Chapter 4 - Your First Profile

Time to get our hands dirty! In this chapter, we are going to profile a real application and use Blackfire’s web interface to understand its behavior and find some code optimizations.

Note

This chapter and the next do not require any language-dependent installation. The example code and application is hosted on a demo server, so that you can walk through the next steps without taking care of it.

The project we are going to work on is an Open-Source PHP project, GitList:

GitList is an elegant and modern web interface for interacting with multiple git repositories.

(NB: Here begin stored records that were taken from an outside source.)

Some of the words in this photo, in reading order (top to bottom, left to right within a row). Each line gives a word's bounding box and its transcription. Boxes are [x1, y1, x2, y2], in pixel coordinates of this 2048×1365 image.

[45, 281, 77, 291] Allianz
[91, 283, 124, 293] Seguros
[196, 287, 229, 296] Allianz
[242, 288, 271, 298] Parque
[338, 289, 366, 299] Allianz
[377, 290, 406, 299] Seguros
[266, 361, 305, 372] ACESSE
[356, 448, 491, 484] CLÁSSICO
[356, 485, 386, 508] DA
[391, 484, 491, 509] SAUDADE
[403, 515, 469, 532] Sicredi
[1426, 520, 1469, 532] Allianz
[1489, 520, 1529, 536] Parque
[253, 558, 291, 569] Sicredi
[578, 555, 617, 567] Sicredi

According to the Git repository, GitList “allows you to browse repositories using your favorite browser, viewing files under different revisions, commit history, diffs. It also generates RSS feeds for each repository, allowing you to stay up-to-date with the latest changes anytime, anywhere. GitList was written in PHP, on top of the Silex microframework and powered by the Twig template engine.”

For the purpose of this tutorial, we have installed GitList on a demo server at https://gitlist.demo.blackfire.io/ and set up a repository for Twig there. Blackfire has also been installed and configured.

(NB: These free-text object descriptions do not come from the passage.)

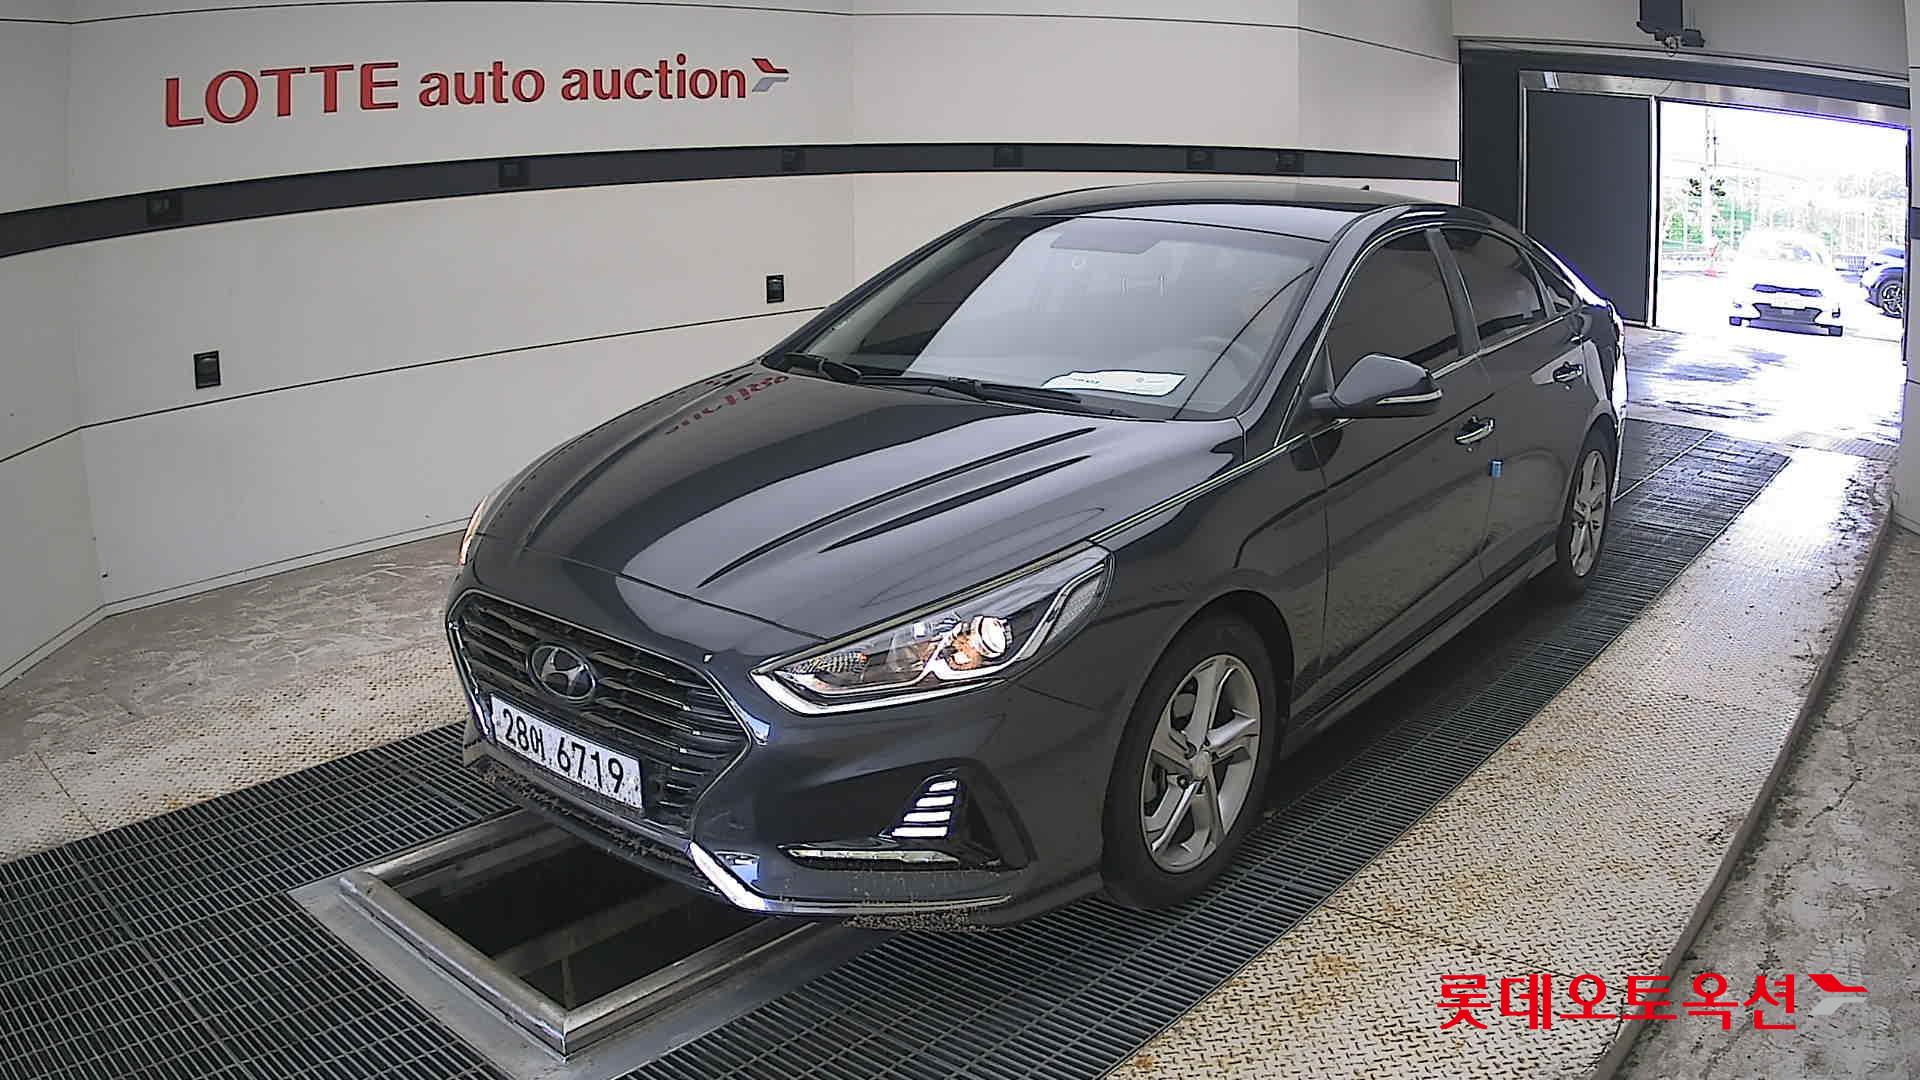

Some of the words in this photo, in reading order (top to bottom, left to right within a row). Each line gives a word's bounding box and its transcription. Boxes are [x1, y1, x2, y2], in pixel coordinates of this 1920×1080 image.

[165, 61, 399, 128] LOTTE
[418, 60, 545, 107] auto
[560, 53, 746, 101] auction
[503, 707, 546, 761] 28어
[557, 736, 625, 794] 6719
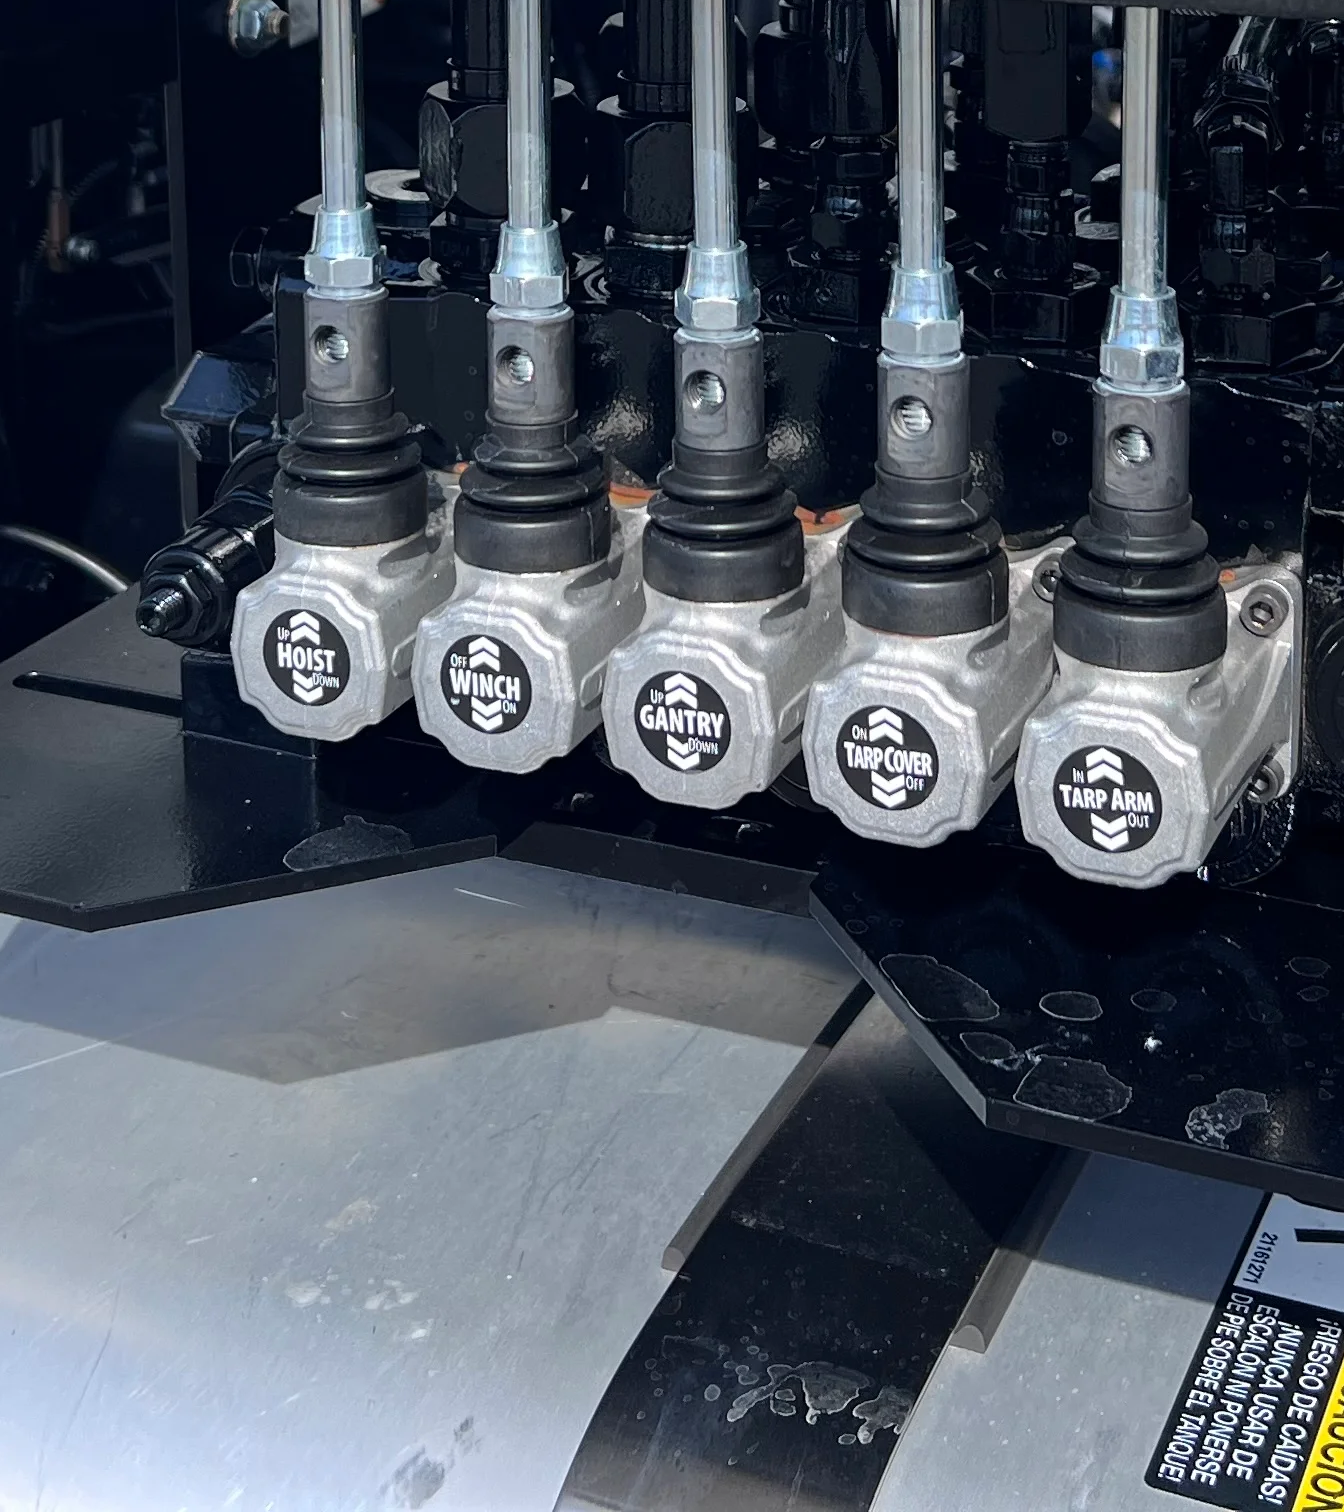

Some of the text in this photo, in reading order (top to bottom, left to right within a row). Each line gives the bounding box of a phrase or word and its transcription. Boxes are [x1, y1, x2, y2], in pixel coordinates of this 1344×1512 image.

[276, 626, 290, 640] UP
[276, 642, 336, 673] HOIST
[449, 652, 468, 669] OFF
[312, 672, 340, 689] DOWN
[449, 667, 521, 702] WINCH
[649, 688, 664, 704] UP
[502, 699, 517, 714] ON
[639, 704, 725, 738] GANTRY
[687, 737, 719, 755] DOWN
[851, 724, 868, 741] ON
[843, 740, 933, 777] TARP COVER
[905, 775, 925, 792] OFF
[1072, 767, 1085, 784] IN
[1058, 783, 1155, 814] TARP ARM
[1127, 812, 1150, 829] OUT
[1242, 1230, 1279, 1285] 21161271
[1157, 1292, 1254, 1483] DE PIE SOBRE EL TANQUE!
[1190, 1304, 1280, 1486] ESCALÓN NI PONERSE
[1238, 1393, 1279, 1447] USAR
[1286, 1392, 1318, 1423] DE
[1226, 1448, 1258, 1481] DE
[1258, 1423, 1307, 1506] CAÍDAS!

Our goal is to find bottlenecks in the GitList source code and, if we find any, propose changes to optimize its performance.

Step 1: Gathering Data

The first step in our quest is to gather data about the behavior of the current codebase by using the Blackfire profiler. To do that, we will generate profiles for GitList’s home page (/) and each of the tabs on the repository page: “Files” (/Twig), “Commits” /Twig/commits, “Stats” (/Twig/stats), and “Network” (/Twig/network).

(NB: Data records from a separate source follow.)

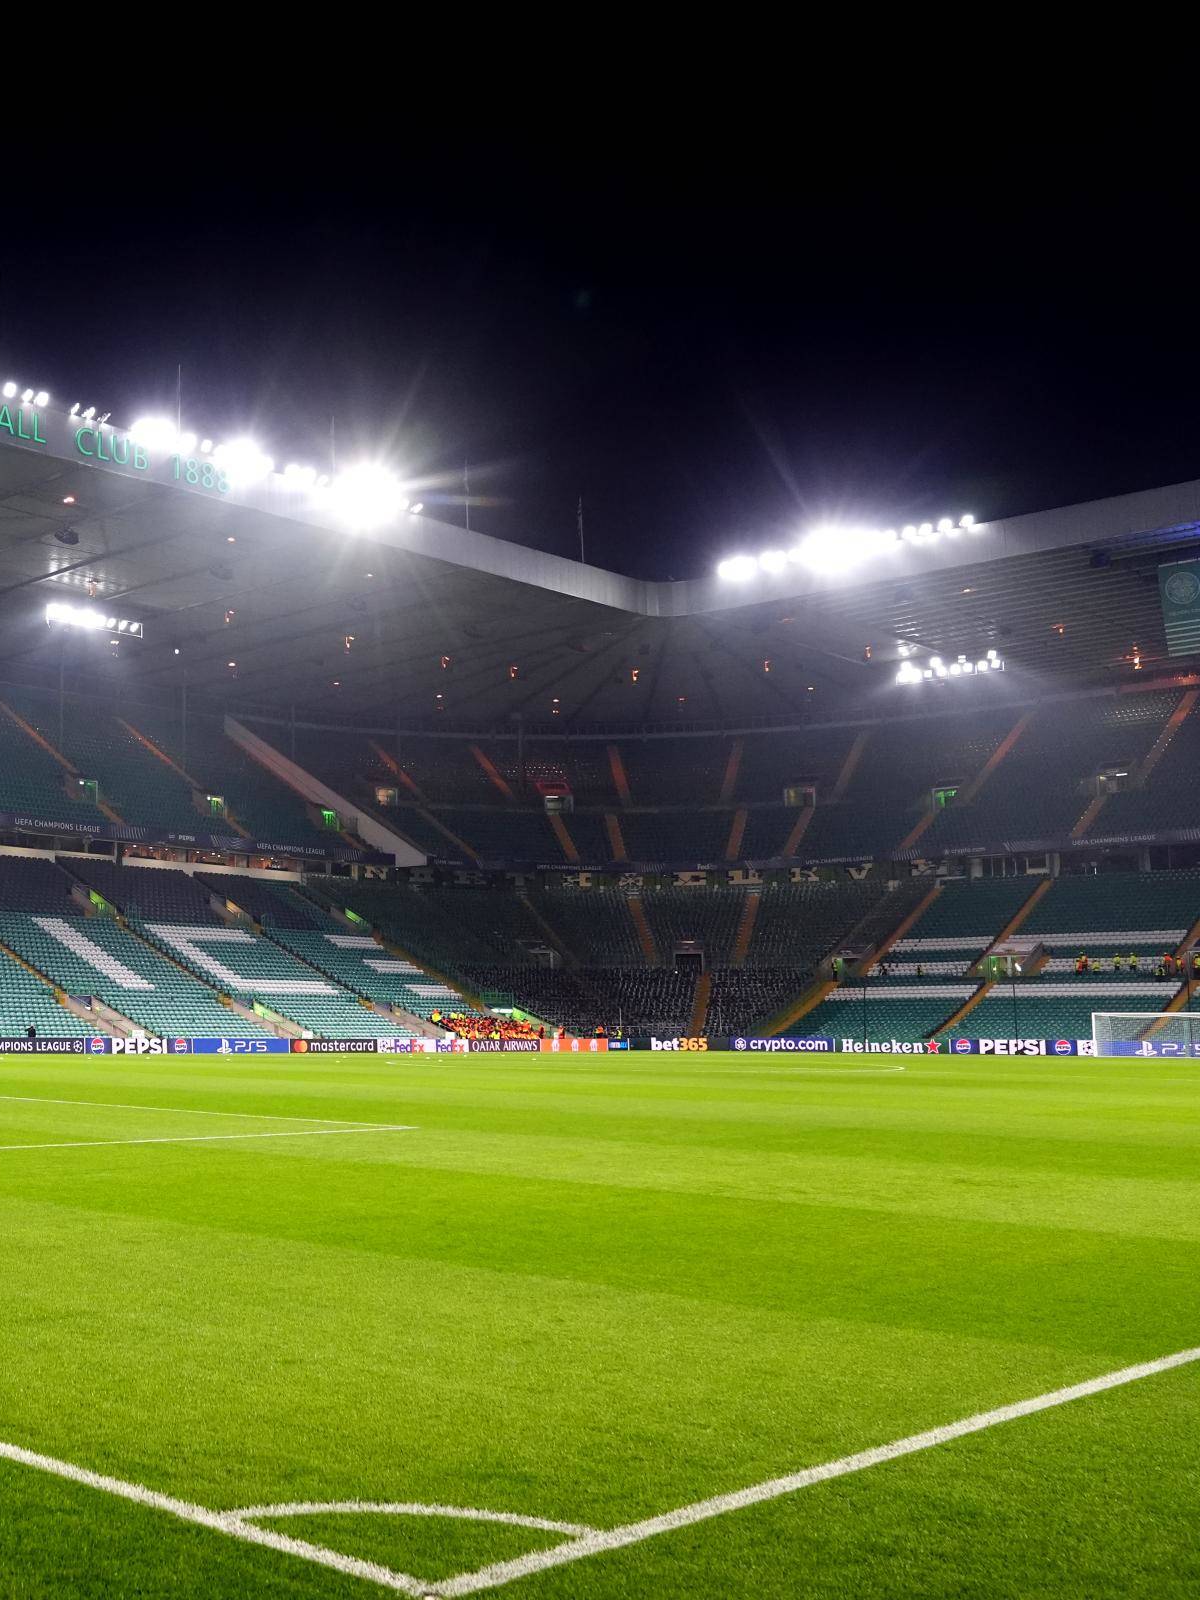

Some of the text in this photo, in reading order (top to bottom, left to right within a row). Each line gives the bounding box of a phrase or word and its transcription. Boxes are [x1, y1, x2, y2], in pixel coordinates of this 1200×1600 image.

[75, 428, 149, 470] CLUB
[172, 454, 230, 493] 1888
[14, 817, 101, 833] UEFA CHAMPIONS LEAGUE
[1130, 834, 1156, 842] LEAGUE
[273, 844, 304, 854] CHAMPIONS
[305, 847, 326, 856] LEAGUE
[36, 1041, 71, 1052] LEAGUE
[112, 1038, 167, 1054] PEPSI
[235, 1041, 267, 1052] PS5
[310, 1040, 374, 1051] mastercard
[394, 1039, 424, 1052] FedEx
[436, 1039, 464, 1052] FedEx
[472, 1041, 538, 1052] QATAR AIRWAYS
[650, 1037, 708, 1051] bet365
[750, 1038, 828, 1052] crypto.com
[841, 1039, 924, 1053] Heineken
[979, 1039, 1046, 1055] PEPSI
[1161, 1043, 1200, 1055] PS

Before we do this, you will need to create an account on Blackfire.io if you don’t have one yet. It takes less than a minute if you already have a GitHub or Google+ account.

Then, make sure to start the free Premium trial. The basic Hack subscription doesn’t enable to profile non-local HTTP applications. Premium does enable it, and also offers more profiling dimensions (such as SQL) and a lot more features you’ll want to use in this tutorial, like assertions.

To trigger some GitList profiles, first install the Blackfire browser extension: for Firefox or for Google Chrome.

We are now ready to start our first profiling session!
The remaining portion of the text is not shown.